Tetsuwan Scientific is trying to solve a practical problem in modern labs: too much scientific work still depends on slow, repetitive manual handling. Its answer is not a humanoid machine, but a glass-box lab robot connected to AI systems that can evaluate results, adjust experiments, and move closer to acting like an independent scientific operator.
From lab frustration to a robotics startup
The company began after Cristian Ponce met Théo Schäfer at a Halloween party in 2023 hosted by Entrepreneur First. Ponce was dressed as Indiana Jones. Schäfer brought a background that included a master’s in underwater autonomous robots at MIT and work at NASA’s Jet Propulsion Lab exploring Jupiter’s moons for alien life.
Ponce had been at Cal Tech doing bioengineering work with E. coli. The two found common ground in a less glamorous part of science: the day-to-day burden of lab technician work. Genetic engineering, in particular, can require long stretches of moving liquids by hand with a scientific syringe known as a pipette.
That manual labor matters because experiments often need small adjustments. In many labs, a human can still be the easiest, cheapest, and most precise option because existing robotic systems tend to be specialized, expensive, and dependent on programmers. When researchers change an experiment’s parameters, the robot may need new code, debugging, and setup before it can continue.
Tetsuwan Scientific first aimed to improve that situation by modifying lower-cost white label lab robots. The goal was not simply to replace one manual step, but to make robotic automation practical when experiments keep changing.
The AI moment that changed the plan
In May 2024, the co-founders were watching OpenAI’s multi-model product launch, the one connected in the source account to a sound-alike voice that ticked off Scarlett Johansson. What stood out to them was not only the model’s conversational interface, but what it suggested for scientific reasoning.
Ponce then used GPT-4 with an image of a DNA gel. According to the source article, the model recognized what the image showed, identified an unintended DNA fragment called a “primer dimer,” and gave a detailed scientific suggestion about what might have caused it and how conditions could be changed to prevent it.
For Ponce, that exposed the missing connection between AI analysis and laboratory action. He described it as a “light bulb moment,” because large language models could already help diagnose scientific outputs, but had “no physical agency to actually perform the suggestions that they’re making.”
That distinction is central to Tetsuwan Scientific’s thesis. A model that can interpret a result is useful, but a robot that can also act on the next step could change how experiments are run. The company’s work sits in that gap between digital recommendation and physical execution.
Why scientific intent is hard to automate
The source article makes clear that Tetsuwan Scientific is not the first group to explore robotic AI scientists. The idea can be traced back to 1999 with Ross King’s robots “Adam” and “Eve,” and the field gained momentum through academic papers starting in 2023.
Still, Tetsuwan Scientific’s research found a specific missing layer: software that can translate scientific intent into robotic execution. In plain terms, a scientist may know what an experiment is trying to test, but a robot needs that intent converted into specific actions it can perform reliably.

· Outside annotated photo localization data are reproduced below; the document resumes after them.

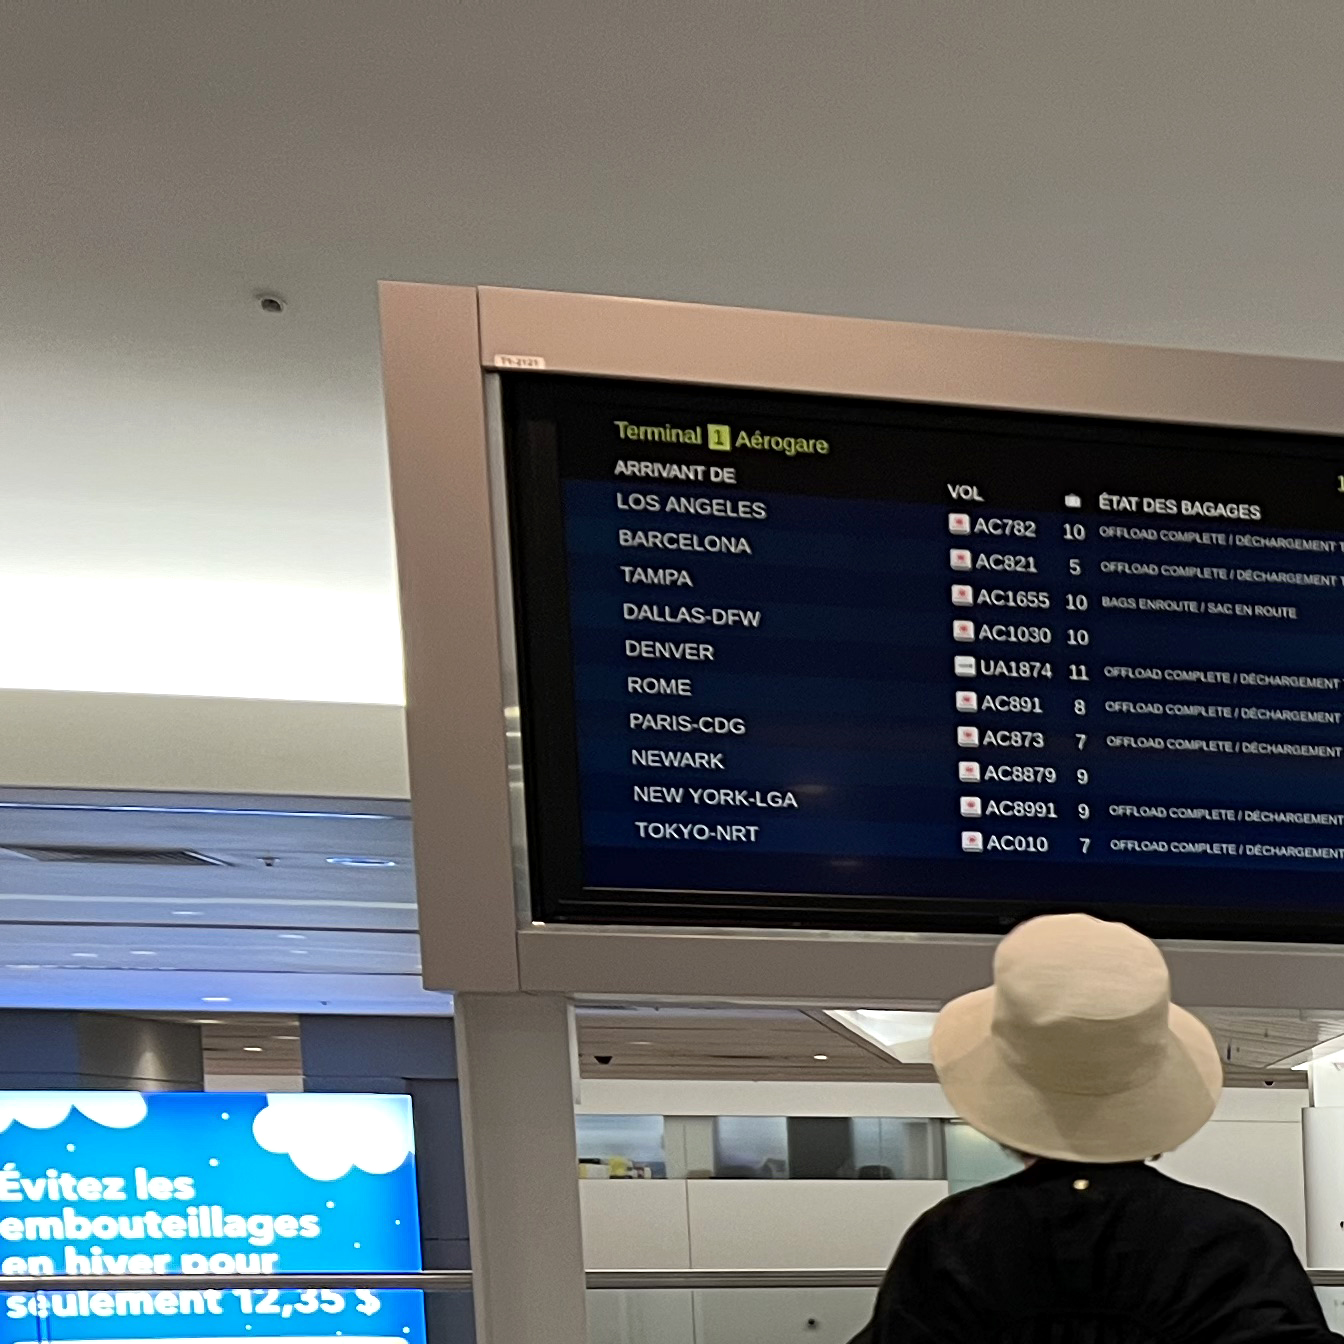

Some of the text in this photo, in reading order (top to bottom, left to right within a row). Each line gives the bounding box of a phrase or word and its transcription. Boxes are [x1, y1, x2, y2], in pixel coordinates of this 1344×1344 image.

[612, 419, 703, 445] Terminal
[735, 428, 829, 455] Aérogare
[614, 460, 737, 484] ARRIVANT DE
[947, 484, 984, 501] VOL
[617, 492, 766, 519] LOS ANGELES
[1099, 492, 1261, 520] ÉTAT DES BAGAGES
[974, 518, 1036, 537] AC782
[619, 529, 752, 554] BARCELONA
[1099, 526, 1158, 540] OFFLOAD
[1159, 530, 1226, 545] COMPLETE
[1235, 534, 1337, 552] DÉCHARGEMENT
[976, 553, 1037, 573] AC821
[620, 566, 693, 587] TAMPA
[977, 589, 1050, 608] AC1655
[1102, 596, 1297, 619] BAGS ENROUTE SAC EN ROUTE
[623, 603, 761, 627] DALLAS-DFW
[979, 624, 1051, 643] AC1030
[625, 640, 714, 660] DENVER
[981, 659, 1052, 678] UA1874
[628, 677, 692, 696] ROME
[981, 695, 1043, 713] AC891
[630, 713, 745, 734] PARIS-CDG
[983, 730, 1044, 748] AC873
[632, 749, 725, 769] NEWARK
[984, 765, 1056, 783] AC8879
[634, 786, 798, 808] NEW YORK-LGA
[985, 800, 1058, 818] AC8991
[635, 822, 759, 841] TOKYO-NRT
[987, 835, 1048, 852] AC010
[0, 1162, 195, 1202] Évitez les
[0, 1205, 320, 1246] embouteillages
[1, 1253, 54, 1275] en
[64, 1246, 169, 1275] hiver
[5, 1289, 223, 1319] seulement
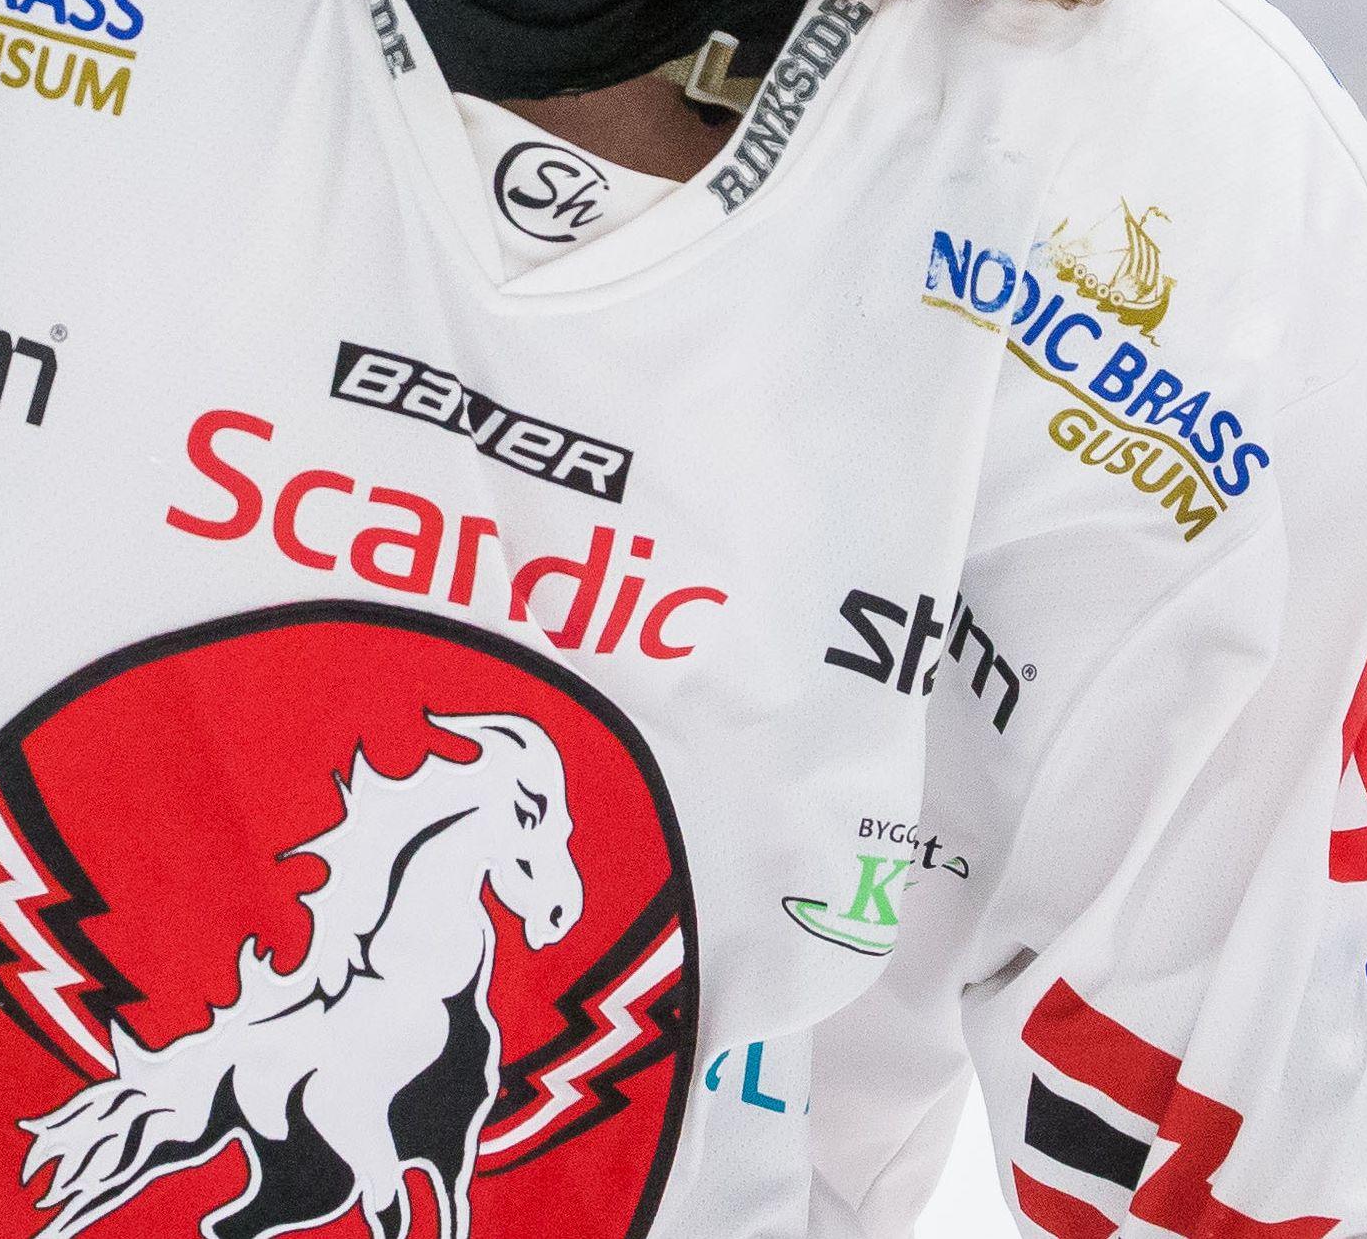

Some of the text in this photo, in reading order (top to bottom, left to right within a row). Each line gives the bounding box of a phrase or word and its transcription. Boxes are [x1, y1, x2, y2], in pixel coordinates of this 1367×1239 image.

That translation is not as simple as telling a machine to pipette a liquid. The robot also needs context about the physical materials it handles. Ponce gave examples: a liquid may be viscous, or it may crystallize. Those qualities affect how a lab robot should act, but they are difficult to encode with rigid instructions alone.

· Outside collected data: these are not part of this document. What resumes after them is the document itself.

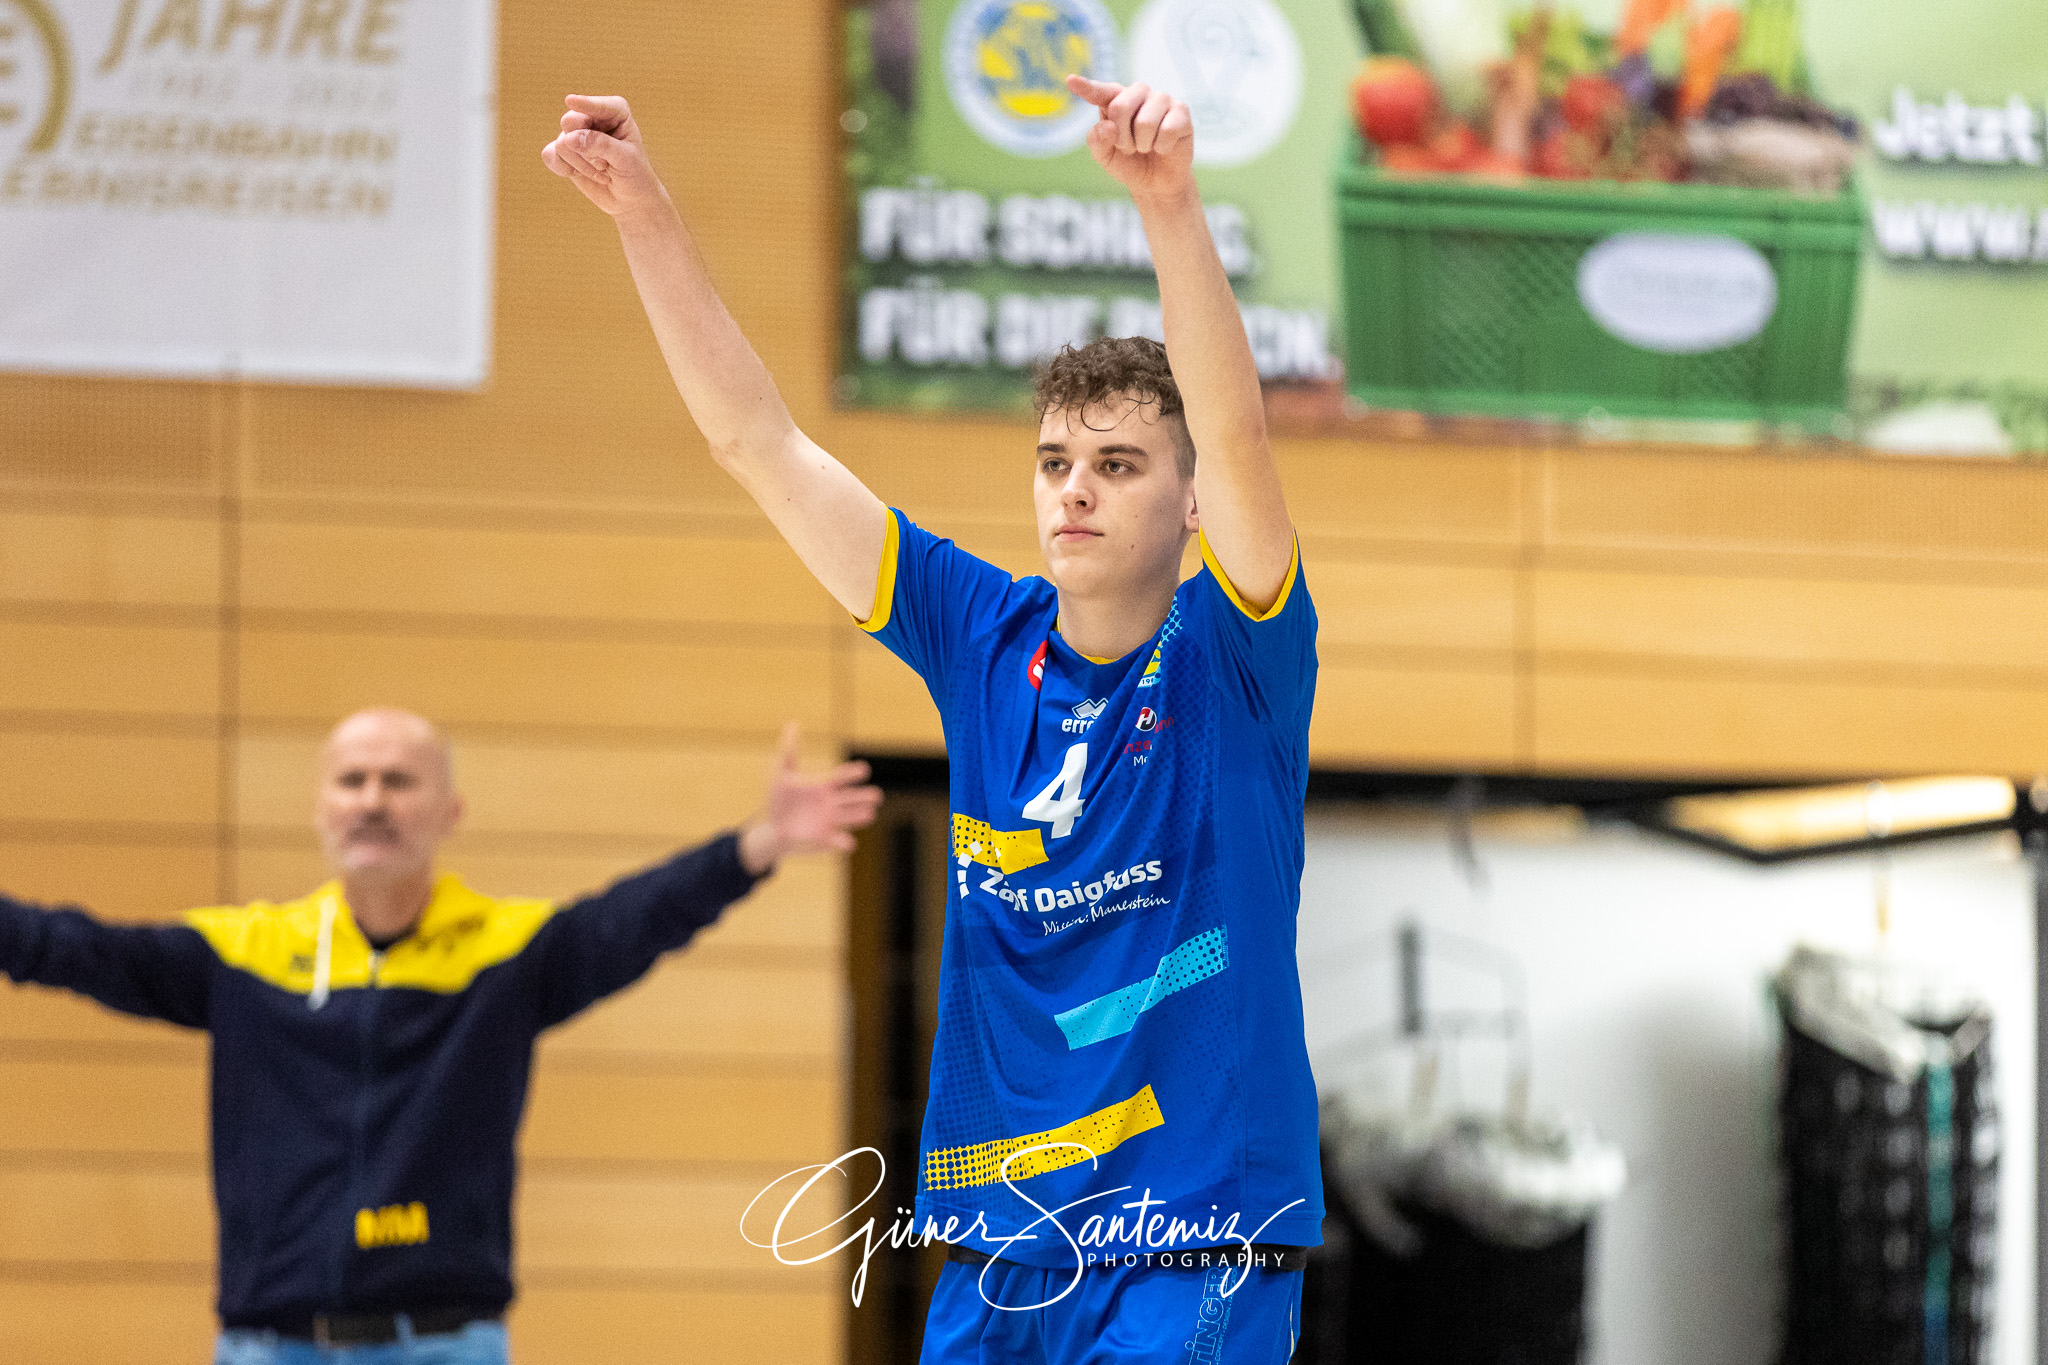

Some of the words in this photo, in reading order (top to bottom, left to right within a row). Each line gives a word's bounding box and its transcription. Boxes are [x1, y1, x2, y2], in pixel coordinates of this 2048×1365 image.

[98, 0, 402, 74] JAHRE
[1874, 86, 2041, 166] Jetzt
[860, 176, 988, 263] FÜR
[860, 276, 988, 366] FÜR
[1022, 742, 1088, 839] 4

Audio LLMs, with hallucinations reduced by RAG, are part of the company’s approach for handling details that are hard to code directly. Tetsuwan Scientific is also building software and sensors so its robots can understand calibration, liquid class characterization, and other properties.

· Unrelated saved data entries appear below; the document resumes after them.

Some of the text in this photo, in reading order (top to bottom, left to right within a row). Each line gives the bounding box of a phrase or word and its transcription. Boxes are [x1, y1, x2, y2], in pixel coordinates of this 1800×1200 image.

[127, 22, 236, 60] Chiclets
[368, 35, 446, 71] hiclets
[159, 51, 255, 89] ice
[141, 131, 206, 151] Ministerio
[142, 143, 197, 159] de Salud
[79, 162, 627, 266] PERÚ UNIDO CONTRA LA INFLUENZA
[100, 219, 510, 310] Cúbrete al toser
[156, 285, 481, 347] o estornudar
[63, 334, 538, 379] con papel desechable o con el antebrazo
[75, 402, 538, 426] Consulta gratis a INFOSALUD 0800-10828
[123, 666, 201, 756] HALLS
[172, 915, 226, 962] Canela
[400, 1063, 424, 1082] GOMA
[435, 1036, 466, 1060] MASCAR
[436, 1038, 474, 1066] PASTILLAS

- Scientific intent: what the experiment is meant to investigate.
- Robotic execution: the physical steps the machine must perform.
- Context: material properties such as viscosity or crystallization risk.
- Feedback: evaluating results and changing the next action.
Early customers and the larger ambition
Tetsuwan Scientific currently has an alpha customer: La Jolla Labs, a biotech company working on RNA therapeutic drugs. The robots are being used to help measure and determine dosage effectiveness.
The startup has also raised $2.7 million in an oversubscribed pre-seed round led by 2048 Ventures. Carbon Silicon Ventures, Everywhere Ventures, and influential biotech angel investors also participated.
The near-term product is a robotic system that can support lab experimentation with more autonomy than conventional automation tools. The long-term ambition is larger: independent AI scientists that can automate the scientific method from hypothesis through repeatable results.
Ponce framed that destination in unusually sweeping terms. “It is the craziest thing that we could possibly work on. Any technology that automates the scientific method, it is the catalyst to hyperbolic growth,” he says.
Tetsuwan Scientific is not alone in that belief. The source article also names FutureHouse and Seattle-based Potato AI as others working on AI scientists. The competition suggests that autonomous science is moving from a research concept toward a startup category, even if the hard work remains in making robots understand enough of the lab to act safely, precisely, and usefully.